--- RECORDS FOR THIS EXERCISE Enclosed Below ---

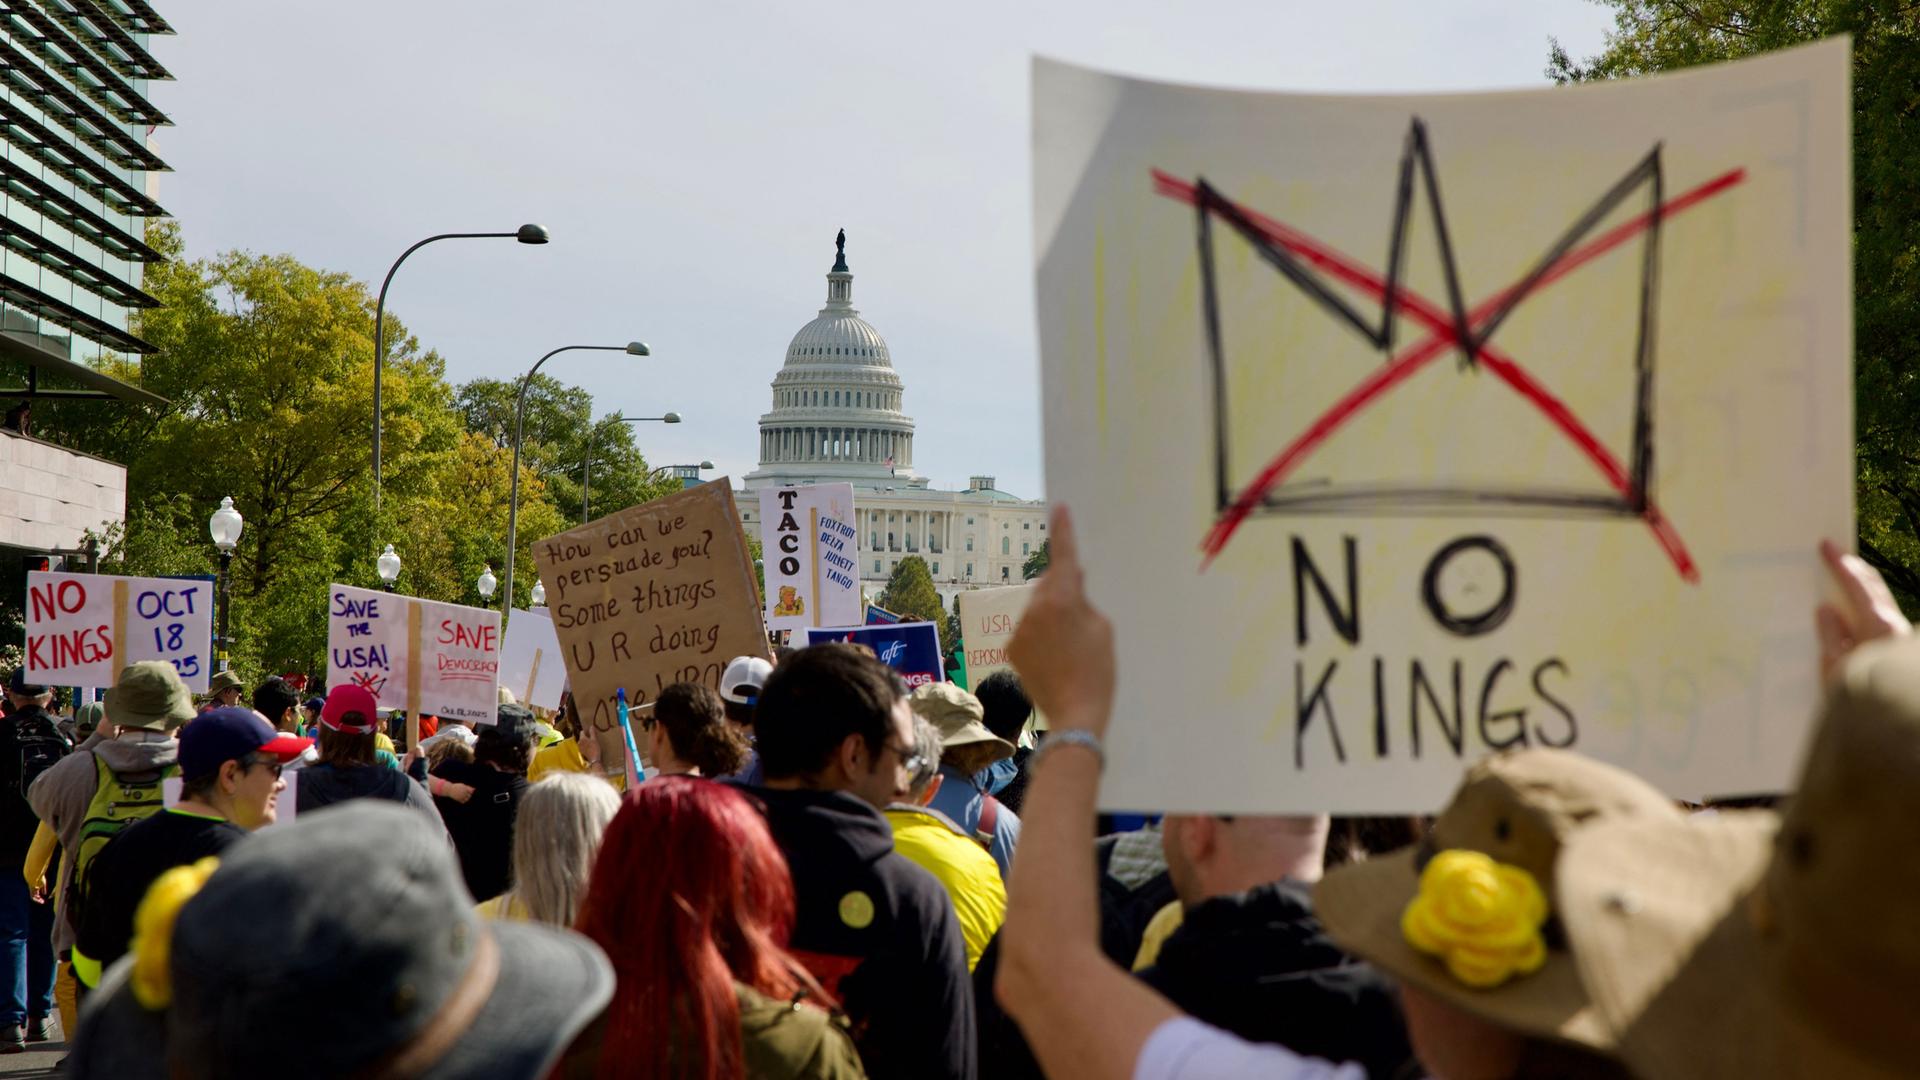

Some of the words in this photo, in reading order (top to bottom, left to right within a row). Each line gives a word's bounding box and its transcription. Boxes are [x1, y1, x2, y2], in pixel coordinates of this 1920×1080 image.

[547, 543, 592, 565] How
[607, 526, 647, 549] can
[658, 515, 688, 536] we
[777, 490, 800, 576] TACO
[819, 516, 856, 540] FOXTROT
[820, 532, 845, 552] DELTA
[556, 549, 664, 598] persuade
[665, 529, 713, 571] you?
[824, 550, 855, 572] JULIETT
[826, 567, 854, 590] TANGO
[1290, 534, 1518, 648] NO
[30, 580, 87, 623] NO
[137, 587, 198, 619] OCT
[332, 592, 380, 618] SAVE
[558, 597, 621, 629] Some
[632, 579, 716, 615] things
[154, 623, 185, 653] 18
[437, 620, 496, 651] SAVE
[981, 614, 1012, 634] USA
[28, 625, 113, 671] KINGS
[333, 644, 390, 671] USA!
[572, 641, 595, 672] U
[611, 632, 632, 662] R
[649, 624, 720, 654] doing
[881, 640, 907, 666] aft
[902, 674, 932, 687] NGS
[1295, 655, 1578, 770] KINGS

--- End of Enclosed RECORDS FOR THIS EXERCISE ---

_TASK INSTRUCTIONS_.
Where the data contains images, drop them and print the rest exactly.

_COMPLETED EXERCISE_.
Some of the words in this photo, in reading order (top to bottom, left to right within a row). Each line gives a word's bounding box and its transcription. Boxes are [x1, y1, x2, y2], in pixel coordinates of this 1920×1080 image.

[547, 543, 592, 565] How
[607, 526, 647, 549] can
[658, 515, 688, 536] we
[777, 490, 800, 576] TACO
[819, 516, 856, 540] FOXTROT
[820, 532, 845, 552] DELTA
[556, 549, 664, 598] persuade
[665, 529, 713, 571] you?
[824, 550, 855, 572] JULIETT
[826, 567, 854, 590] TANGO
[1290, 534, 1518, 648] NO
[30, 580, 87, 623] NO
[137, 587, 198, 619] OCT
[332, 592, 380, 618] SAVE
[558, 597, 621, 629] Some
[632, 579, 716, 615] things
[154, 623, 185, 653] 18
[437, 620, 496, 651] SAVE
[981, 614, 1012, 634] USA
[28, 625, 113, 671] KINGS
[333, 644, 390, 671] USA!
[572, 641, 595, 672] U
[611, 632, 632, 662] R
[649, 624, 720, 654] doing
[881, 640, 907, 666] aft
[902, 674, 932, 687] NGS
[1295, 655, 1578, 770] KINGS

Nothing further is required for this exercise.